» **Work item**
Word for word, copy out the records given below.

***** Study material

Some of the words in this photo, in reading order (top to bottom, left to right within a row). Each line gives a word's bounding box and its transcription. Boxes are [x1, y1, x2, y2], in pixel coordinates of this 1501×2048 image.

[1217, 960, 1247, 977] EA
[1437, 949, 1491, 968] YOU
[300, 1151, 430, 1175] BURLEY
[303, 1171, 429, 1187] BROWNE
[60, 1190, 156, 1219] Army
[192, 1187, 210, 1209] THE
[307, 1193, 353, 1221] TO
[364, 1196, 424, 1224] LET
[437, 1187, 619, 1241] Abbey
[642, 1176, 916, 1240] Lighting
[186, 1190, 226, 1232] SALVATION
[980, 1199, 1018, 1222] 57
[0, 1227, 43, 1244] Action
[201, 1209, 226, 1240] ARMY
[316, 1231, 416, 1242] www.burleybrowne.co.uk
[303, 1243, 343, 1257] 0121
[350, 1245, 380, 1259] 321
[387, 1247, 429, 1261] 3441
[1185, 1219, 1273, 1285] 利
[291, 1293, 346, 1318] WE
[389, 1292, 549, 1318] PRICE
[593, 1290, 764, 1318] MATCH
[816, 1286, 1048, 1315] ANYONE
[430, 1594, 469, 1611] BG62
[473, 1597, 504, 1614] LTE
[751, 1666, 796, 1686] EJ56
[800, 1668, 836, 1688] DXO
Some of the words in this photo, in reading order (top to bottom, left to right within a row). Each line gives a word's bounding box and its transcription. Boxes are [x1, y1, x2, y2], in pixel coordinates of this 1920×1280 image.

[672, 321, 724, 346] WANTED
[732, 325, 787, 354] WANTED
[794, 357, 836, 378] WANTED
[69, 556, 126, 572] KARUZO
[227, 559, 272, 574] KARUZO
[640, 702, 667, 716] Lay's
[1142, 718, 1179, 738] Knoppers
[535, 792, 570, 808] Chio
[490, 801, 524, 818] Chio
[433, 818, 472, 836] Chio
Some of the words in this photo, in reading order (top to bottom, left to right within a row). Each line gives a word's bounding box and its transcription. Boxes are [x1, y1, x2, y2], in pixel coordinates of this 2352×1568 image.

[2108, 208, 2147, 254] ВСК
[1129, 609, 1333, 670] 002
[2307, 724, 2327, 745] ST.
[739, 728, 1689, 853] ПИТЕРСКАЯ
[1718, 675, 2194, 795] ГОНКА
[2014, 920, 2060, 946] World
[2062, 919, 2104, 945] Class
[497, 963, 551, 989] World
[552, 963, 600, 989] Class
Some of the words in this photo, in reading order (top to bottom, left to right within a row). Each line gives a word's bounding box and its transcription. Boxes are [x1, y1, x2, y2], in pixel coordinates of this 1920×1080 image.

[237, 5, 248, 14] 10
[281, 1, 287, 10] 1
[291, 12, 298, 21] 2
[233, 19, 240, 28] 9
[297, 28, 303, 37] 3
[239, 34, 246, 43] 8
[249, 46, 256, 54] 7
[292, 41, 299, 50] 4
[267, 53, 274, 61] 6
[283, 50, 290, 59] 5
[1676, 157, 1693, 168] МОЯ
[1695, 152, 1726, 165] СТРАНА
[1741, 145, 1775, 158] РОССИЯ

**********

» **Response area**
Some of the words in this photo, in reading order (top to bottom, left to right within a row). Each line gives a word's bounding box and its transcription. Boxes are [x1, y1, x2, y2], in pixel coordinates of this 1501×2048 image.

[1217, 960, 1247, 977] EA
[1437, 949, 1491, 968] YOU
[300, 1151, 430, 1175] BURLEY
[303, 1171, 429, 1187] BROWNE
[60, 1190, 156, 1219] Army
[192, 1187, 210, 1209] THE
[307, 1193, 353, 1221] TO
[364, 1196, 424, 1224] LET
[437, 1187, 619, 1241] Abbey
[642, 1176, 916, 1240] Lighting
[186, 1190, 226, 1232] SALVATION
[980, 1199, 1018, 1222] 57
[0, 1227, 43, 1244] Action
[201, 1209, 226, 1240] ARMY
[316, 1231, 416, 1242] www.burleybrowne.co.uk
[303, 1243, 343, 1257] 0121
[350, 1245, 380, 1259] 321
[387, 1247, 429, 1261] 3441
[1185, 1219, 1273, 1285] 利
[291, 1293, 346, 1318] WE
[389, 1292, 549, 1318] PRICE
[593, 1290, 764, 1318] MATCH
[816, 1286, 1048, 1315] ANYONE
[430, 1594, 469, 1611] BG62
[473, 1597, 504, 1614] LTE
[751, 1666, 796, 1686] EJ56
[800, 1668, 836, 1688] DXO
Some of the words in this photo, in reading order (top to bottom, left to right within a row). Each line gives a word's bounding box and its transcription. Boxes are [x1, y1, x2, y2], in pixel coordinates of this 1920×1280 image.

[672, 321, 724, 346] WANTED
[732, 325, 787, 354] WANTED
[794, 357, 836, 378] WANTED
[69, 556, 126, 572] KARUZO
[227, 559, 272, 574] KARUZO
[640, 702, 667, 716] Lay's
[1142, 718, 1179, 738] Knoppers
[535, 792, 570, 808] Chio
[490, 801, 524, 818] Chio
[433, 818, 472, 836] Chio
Some of the words in this photo, in reading order (top to bottom, left to right within a row). Each line gives a word's bounding box and its transcription. Boxes are [x1, y1, x2, y2], in pixel coordinates of this 2352×1568 image.

[2108, 208, 2147, 254] ВСК
[1129, 609, 1333, 670] 002
[2307, 724, 2327, 745] ST.
[739, 728, 1689, 853] ПИТЕРСКАЯ
[1718, 675, 2194, 795] ГОНКА
[2014, 920, 2060, 946] World
[2062, 919, 2104, 945] Class
[497, 963, 551, 989] World
[552, 963, 600, 989] Class
Some of the words in this photo, in reading order (top to bottom, left to right within a row). Each line gives a word's bounding box and its transcription. Boxes are [x1, y1, x2, y2], in pixel coordinates of this 1920×1080 image.

[237, 5, 248, 14] 10
[281, 1, 287, 10] 1
[291, 12, 298, 21] 2
[233, 19, 240, 28] 9
[297, 28, 303, 37] 3
[239, 34, 246, 43] 8
[249, 46, 256, 54] 7
[292, 41, 299, 50] 4
[267, 53, 274, 61] 6
[283, 50, 290, 59] 5
[1676, 157, 1693, 168] МОЯ
[1695, 152, 1726, 165] СТРАНА
[1741, 145, 1775, 158] РОССИЯ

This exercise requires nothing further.